Я снимаю с мокрых волос дочери шапку.
— Мокрющая, — говорю сама себе.
— Что? — Дочь возится с замками на зимних сапогах.
В холле Дворца культуры, сверкающего от гирлянд, в это время шумно, дети раздеваются, сидя кузнечиками на старых креслах. Острые коленки кузнечиков поднимаются и опускаются.
Сергей стоит чуть в стороне и смотрит на нас. То есть нас как бы не трое, а двое: я с дочерью и он.
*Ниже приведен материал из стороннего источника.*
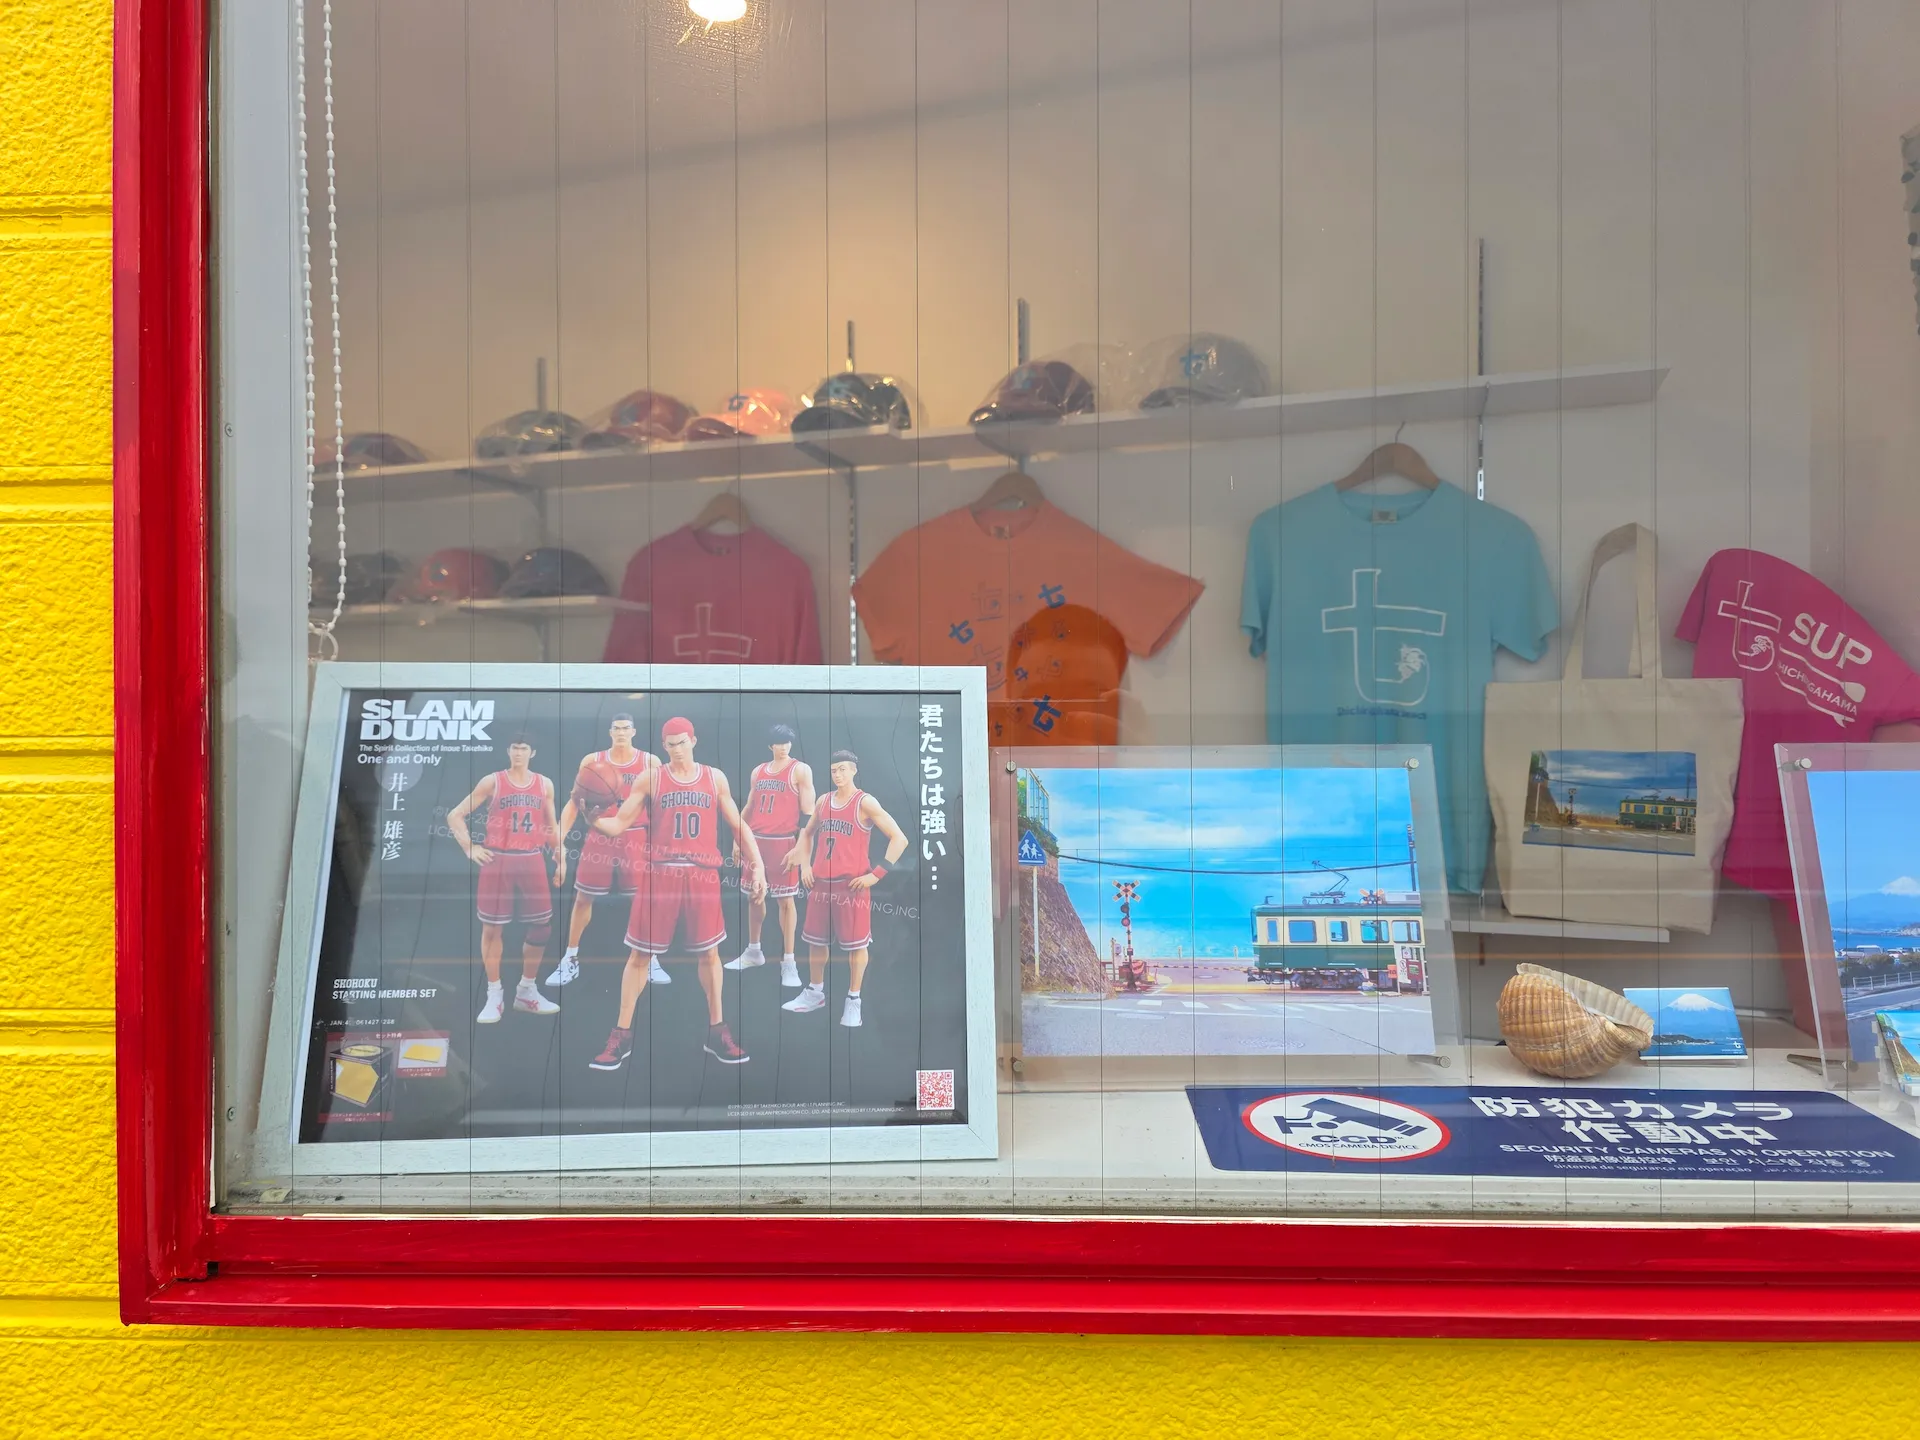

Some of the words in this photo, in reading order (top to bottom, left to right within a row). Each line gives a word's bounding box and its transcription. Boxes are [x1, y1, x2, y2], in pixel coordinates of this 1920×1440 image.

[1788, 613, 1873, 669] SUP
[361, 698, 495, 720] SLAM
[360, 720, 492, 740] DUNK
[359, 744, 372, 752] The
[373, 744, 394, 753] Spirit
[395, 744, 430, 752] Collection
[431, 744, 440, 752] of
[440, 744, 460, 752] Inoue
[357, 753, 383, 764] One
[386, 753, 410, 764] and
[413, 753, 442, 767] Only
[661, 791, 712, 809] SHOHOKU
[760, 793, 775, 814] 11
[512, 811, 534, 834] 14
[673, 811, 701, 839] 10
[586, 832, 622, 848] INOUE
[624, 841, 654, 855] AND
[826, 837, 836, 860] 7
[690, 871, 718, 884] AND
[797, 888, 813, 900] BY
[332, 990, 377, 999] STARTING
[378, 989, 418, 999] MEMBER
[419, 988, 437, 998] SET
[333, 978, 378, 989] SHOHOKU
[1468, 1096, 1794, 1121] 防犯カメラ
[1311, 1135, 1397, 1144] CCD
[1561, 1120, 1779, 1146] 作動中
[1499, 1144, 1608, 1154] SECURITY
[1617, 1146, 1727, 1156] CAMERAS
[1730, 1148, 1758, 1157] IN
[1761, 1149, 1895, 1159] OPERATION
— Мам, балетки! — дергает меня за куртку Котька.
Я осматриваю красное кресло и вспоминаю: балетки остались у бабушки перед тридцать первым декабря.
Сережа не слышит, но видит мои глаза и кивает головой: «Что?»
— Балетки, балетки! — Зачем-то делаю шаг к нему.
Мы стоим нос к носу, очень близко, почти интимно — от этого светящийся огоньками холл начинает раскачиваться, тепло сочится под кожей, стекает волнами.
— Балетки у бабушки. Побудешь с Котькой? Я быстро — дом через дорогу.
Сережа подходит к креслу с Котькой, стоит чужим, а я убегаю к выходу, пытаясь попасть на ходу собачкой в замок куртки. Капюшон натягиваю уже на улице.
Бабушка Ксения — «двоюродная». В детстве мы с братом бегали к ней домой за сладостями. Меня, взрослую, она продолжает считать маленькой и рассовывает по карманам конфеты.
Я бегу мимо уродской треугольной елки у ДК, через дорогу под навешенными сосульками-фонариками, мороз обжигает щеки, но мне жарко.
В бабушкиной квартире пахнет куриным супом и валерьянкой. Лицо бабушки кажется непривычным — давно я ее не видела. С прошлой зимы, когда умер на Севере Пашка — ее младший сын.
— Ари-ишенька, — радуется бабушка. — Курочку будешь? — Она сжимает руками передник. — Супчик лапшичный наварила, как чувствовала.
— Балетки, ба, балетки быстрее, — злюсь я, утыкаюсь взглядом в ком слежавшихся волос с боку ее головы.
С моих сапог стекает подтаявший снег, я в нетерпении чиркаю молнией куртки вниз.
Бабушка неторопливо переступает тапочками, возится где-то в зале, шуршит пакетами.
— А я радая такая, Аришеньку увядала, красиванькую, молоденькую, — напевает бабушка.
— Ба, быстрее! — Я дую под ворот футболки.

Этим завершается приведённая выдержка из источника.